「はやぶさ」関連ニュース

大きめ粒子もイトカワ産?観察精度の向上期待 [読売]

 小惑星イトカワから地球に帰還した探査機「はやぶさ」の試料容器から見つかった細かい粒子はイトカワの鉱物であることが確認されたが、同じ試料容器内で見つかっている0・1ミリ・メートルほどの大きめの粒子もイトカワのものである可能性が高いことが16日、明らかになった。

はやぶさ、大きい粒子もイトカワ由来か判定へ [日経]

 調べるのは大きさが0.02〜0.1ミリメートルの粒子で、カプセルには50〜60個あった。電子顕微鏡を使って見分ける。JAXAの藤村彰夫教授は「大きい方が微量な成分も発見しやすい。生物起源の謎に迫れる有機物など思わぬものも見つかるかもしれない」と話している。

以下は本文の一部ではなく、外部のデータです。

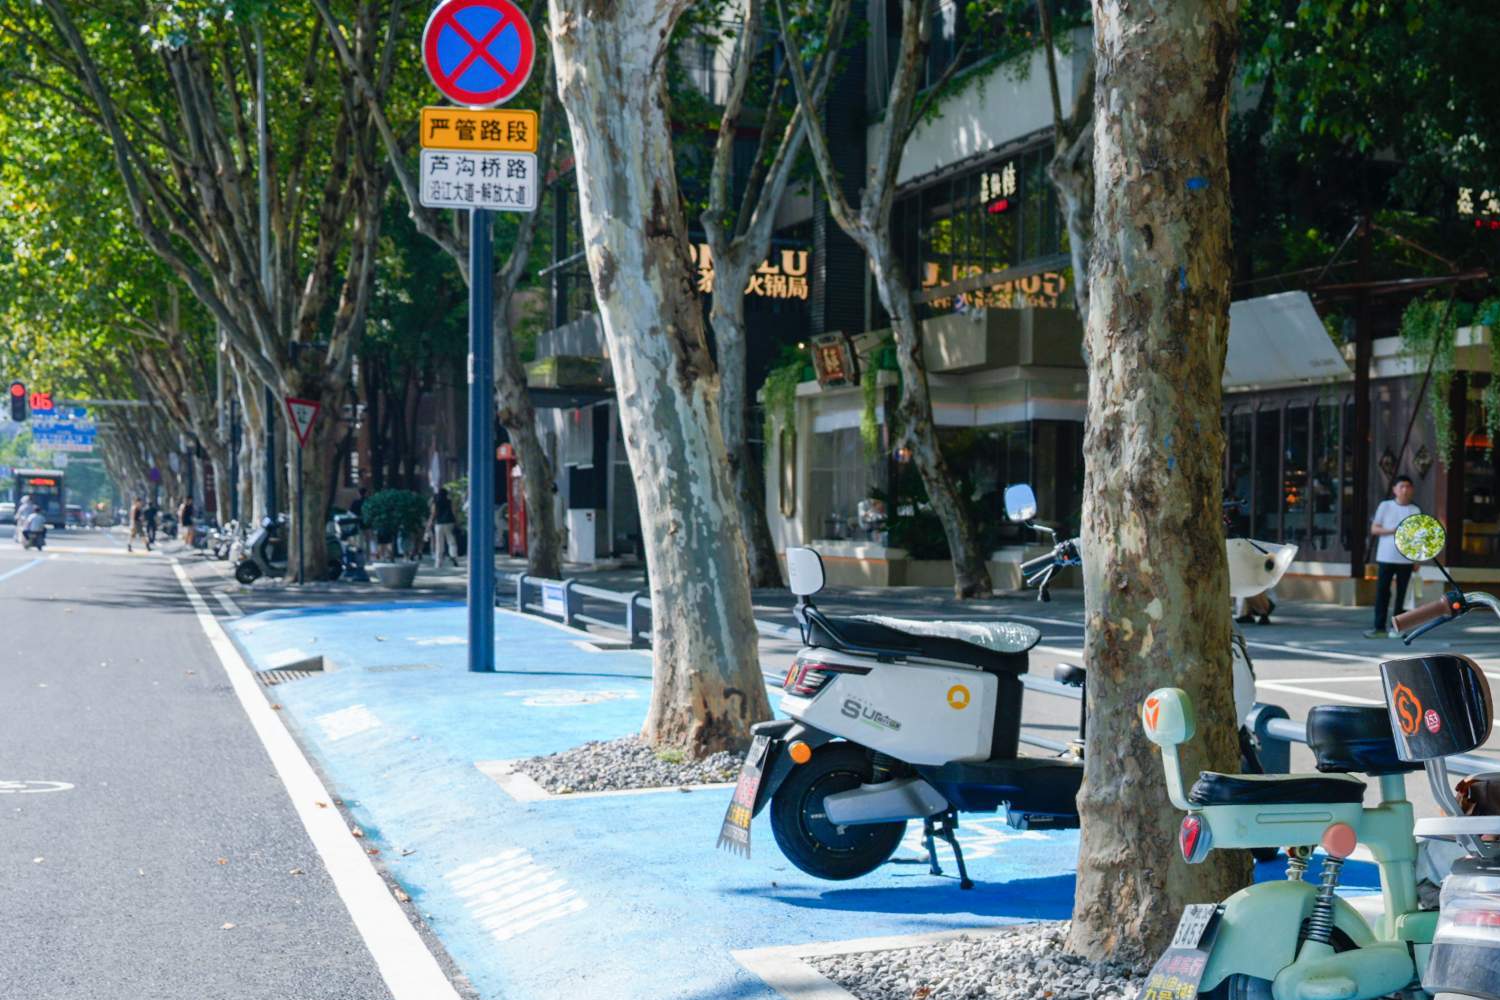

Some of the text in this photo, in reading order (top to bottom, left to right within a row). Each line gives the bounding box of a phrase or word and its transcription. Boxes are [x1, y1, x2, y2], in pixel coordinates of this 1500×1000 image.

[430, 118, 528, 142] 严管路段
[430, 156, 527, 179] 芦沟桥路

「生命の起源」発見なるか はやぶさ試料から大きな粒子 [朝日]

 報告によると、大きな粒子は顕微鏡の観察で見つかり、極細の針で一つずつ拾い上げた。容器の素材のアルミなど地球の物質と見られる粒子は3個程度。電子顕微鏡を使った測定はまだだが、イトカワの粒子の可能性が高い。

 すでに見つかった約1500個の微粒子の10倍の大きさで、わずかしか入っていない成分も検出しやすく、アミノ酸を作る炭素や有機物を調べるのに十分な大きさという。

 アミノ酸は、地球に落ちた隕石(いんせき)や米航空宇宙局(NASA)の探査機が接近した彗星(すいせい)でも検出された。イトカワで見つかれば、太陽系の至る所に生命の卵があることになり、火星の地下や、地底に海がある木星の衛星に微生物がいる期待が広がる。

なんか目に見えるサイズでも有望なものがあるみたいです。これらはヘラが出来る前にマニピュレータでつまみ上げてた分ですよね。電子顕微鏡が稼働し始めた事で調査が一気に加速してきましたね。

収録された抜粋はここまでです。